本文选题：疾病突变　切入点：调控元件　出处：《安徽大学》2017年硕士论文

【摘要】：随着高通量测序技术的发展,产生海量生物数据,但是如何从生物大数据中挖掘出所蕴含生物规律是一个巨大的挑战。生物信息学是一门利用统计分析、计算方法以及其他学科来分析研究生物学的交叉学科。基因表达是一个高度调控的过程,一直是生物信息学的研究热点之一。基因表达过程可以分为转录和翻译两大部分,在每一阶段都有众多的调控元件、蛋白质分子参与其中,任何一个阶段出现异常,都有可能导致基因功能失活,影响基因的表达,最后导致疾病的发生。调控元件在基因组上广泛分布,深入参与基因的表达,调控元件的功能活性变化情况对基因表达有重要作用。落在调控元件上的基因突变可以改变元件的功能活性,对基因表达产生异常影响,是重要的分子致病机制之一。为了定量度量不同调控元件突变对基因表达的影响程度,本文对四类不同疾病的相关突变的分子调控机制进行了研究,发现不同种类的疾病突变具有不同特异性的分子调控机制。另外,利用序列模式挖掘建模方法,对调控元件中的启动子序列和增强子序列进行建模研究,进一步分析启动子和增强子突变致病机制。本文主要研究工作和创新之处如下:(1)不同种类的疾病突变富集于不同的调控元件区域。
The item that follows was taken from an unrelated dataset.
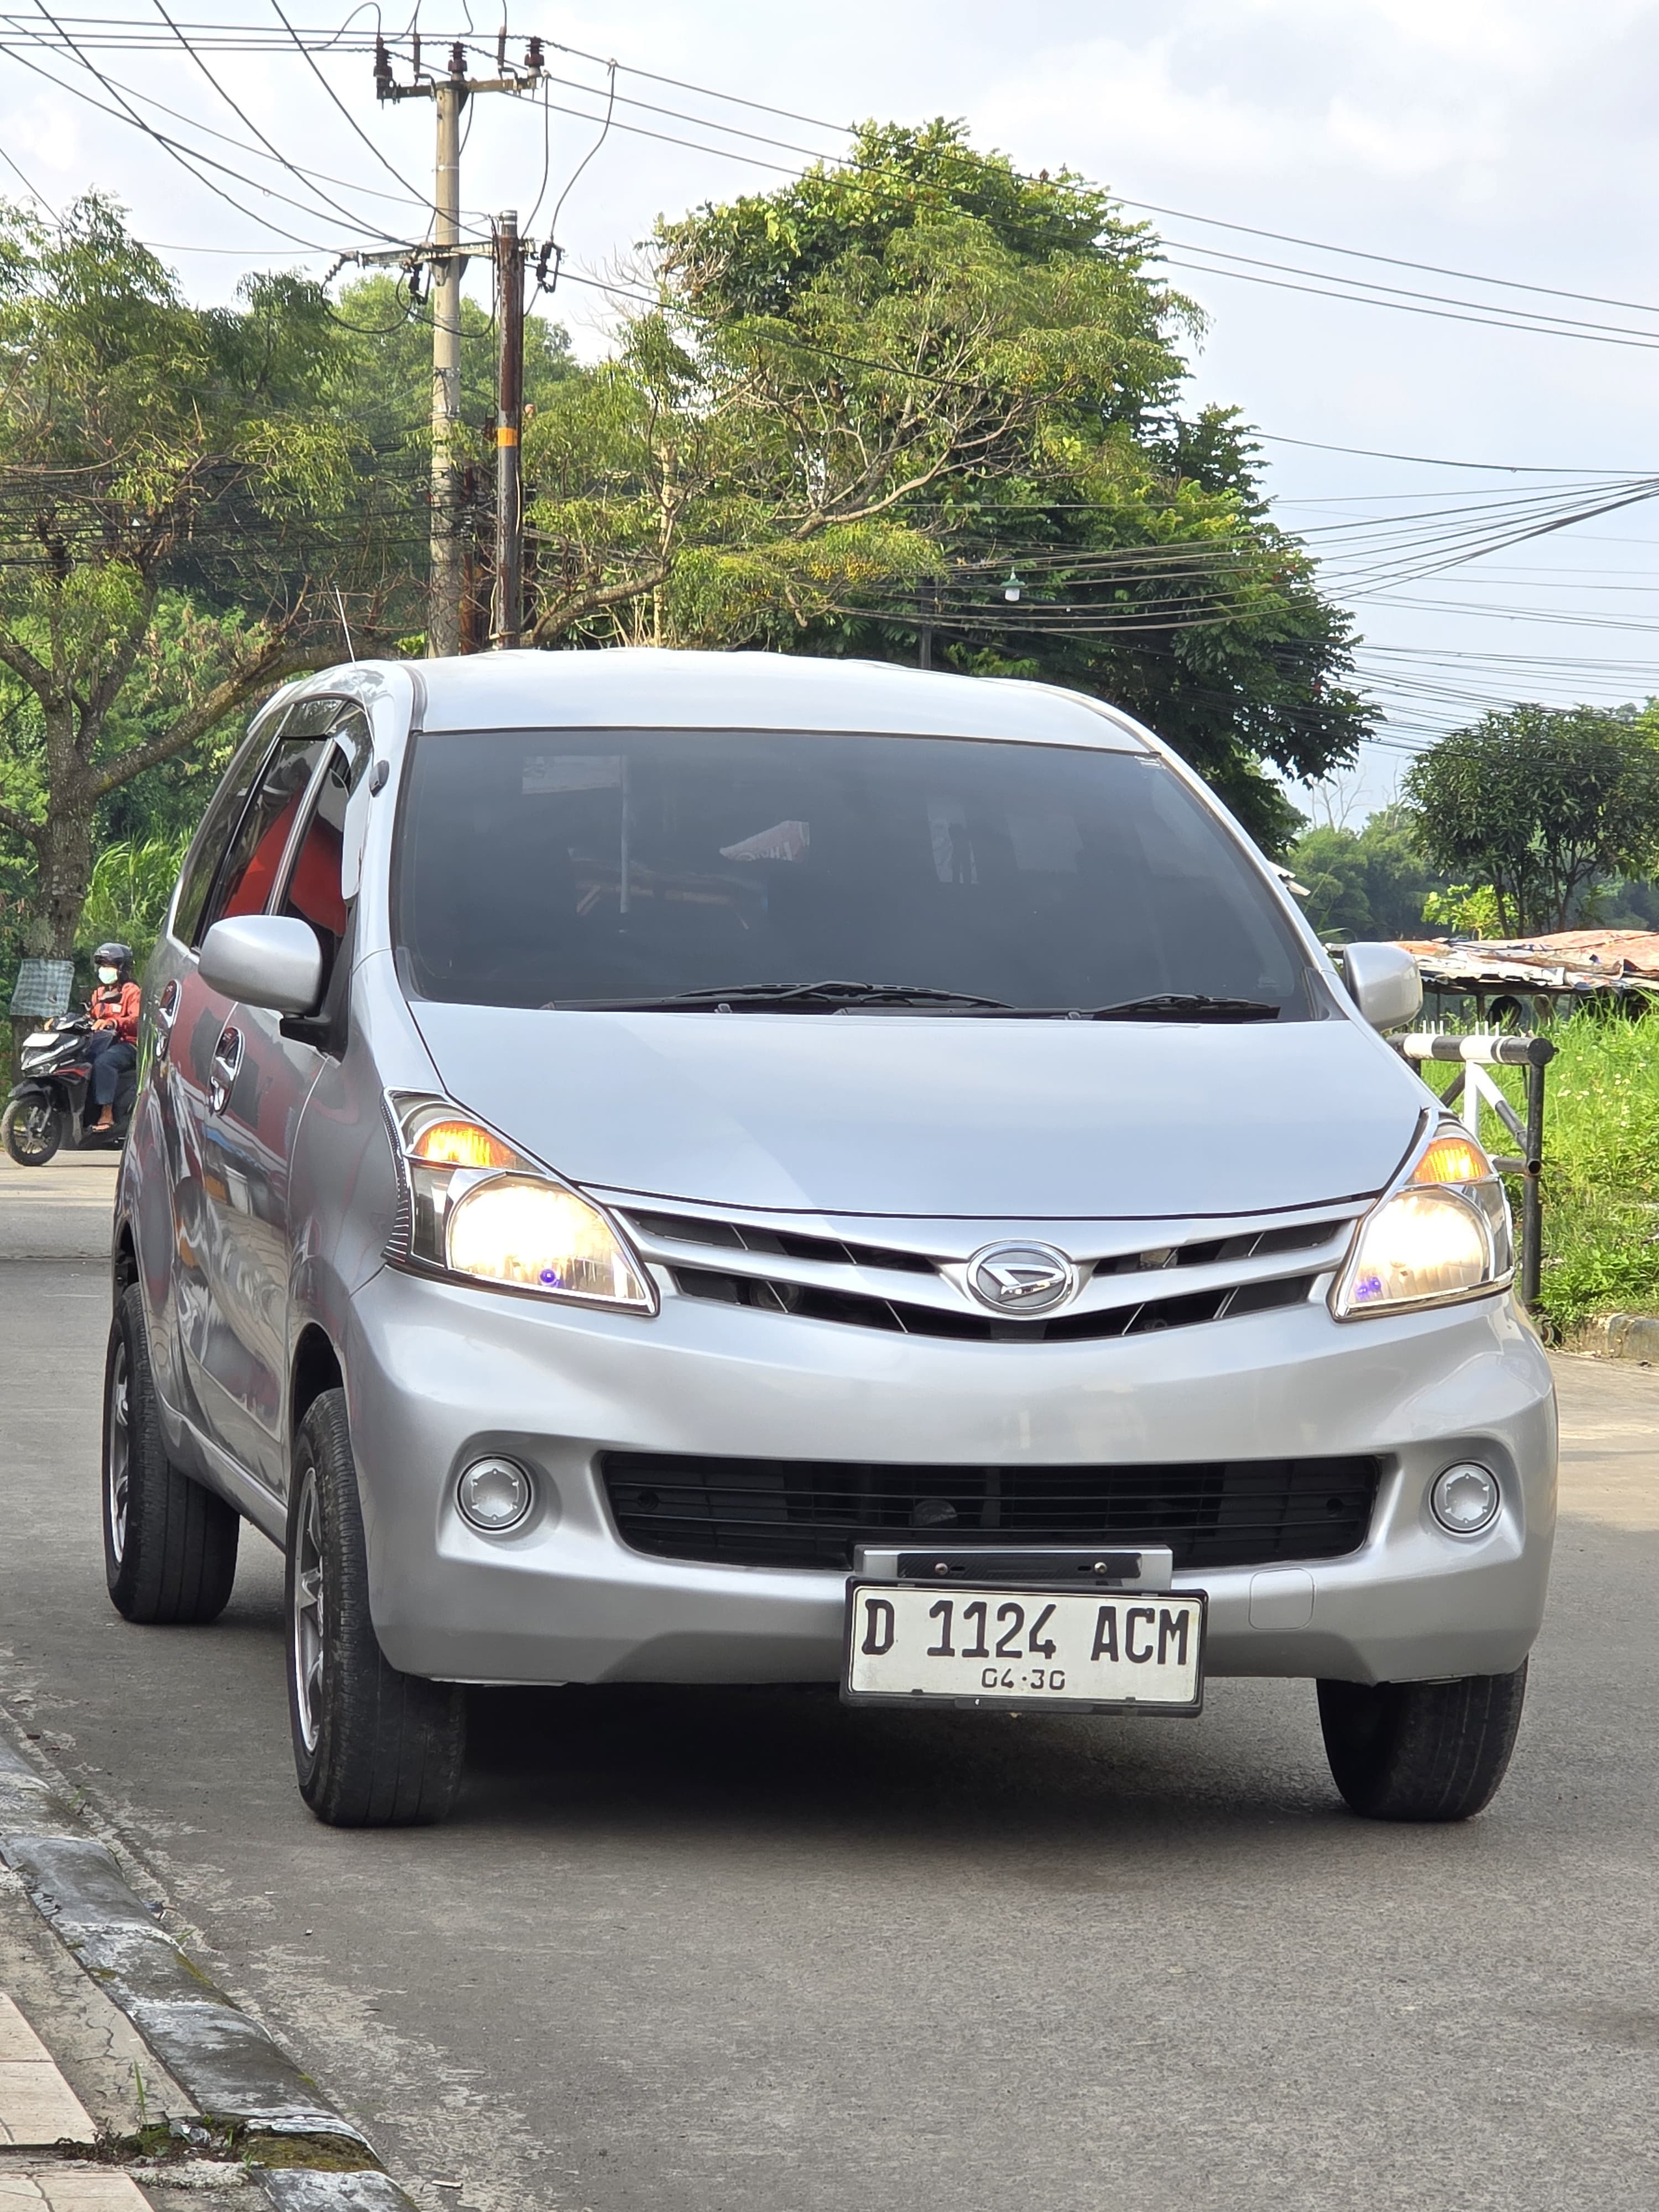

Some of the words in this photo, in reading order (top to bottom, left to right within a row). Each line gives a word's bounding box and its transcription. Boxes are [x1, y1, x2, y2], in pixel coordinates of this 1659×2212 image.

[861, 1598, 895, 1656] D
[927, 1600, 1057, 1660] 1124
[1091, 1606, 1190, 1666] ACM
首先从FANTOM、ENCODE项目组公布的数据中获取九类调控元件,发现不同类型调控元件在基因组上的分布显著差异;然后从OMMI,GWAS,ClinVar,VarDi等数据库获取四类疾病突变数据:遗传疾病突变,癌症诱发性生殖细胞突变,癌症体细胞突变和复杂疾病突变;统计四类疾病突变在九类调控元件上的发布,发现遗传疾病突变富集于启动子,癌症突变富集于启动子、甲基化区域和染色体物理互作区域,复杂疾病在九类调控元件上的分布均匀。(2)利用序列模式挖掘模型,对启动子和增强子的突变致病机制进行研究,量化突变对启动子和增强子功能活性的影响程度。基因序列数据上蕴含着丰富的调控序列,它们能够在基因表达过程中发挥调控功能,产生不同的蛋白产物。结合序列的差异性以及保守性特征,本文融合频繁模式挖掘与PSSM模型,对启动子和增强子进行建模研究,实现了对启动子信号强度和增强子信号强度的定量度量,计算验证实验表明该模型能够有效的区分真、假启动子以及增强子。并进一步对启动子和增强子上的突变进行研究,结果显示启动子信号强度降低则致病概率增大,表明降低启动子信号强度的启动子单核苷酸突变与疾病有正相关性;而增强子上疾病突变导致的信号强度的改变,与疾病发生无显著相关性。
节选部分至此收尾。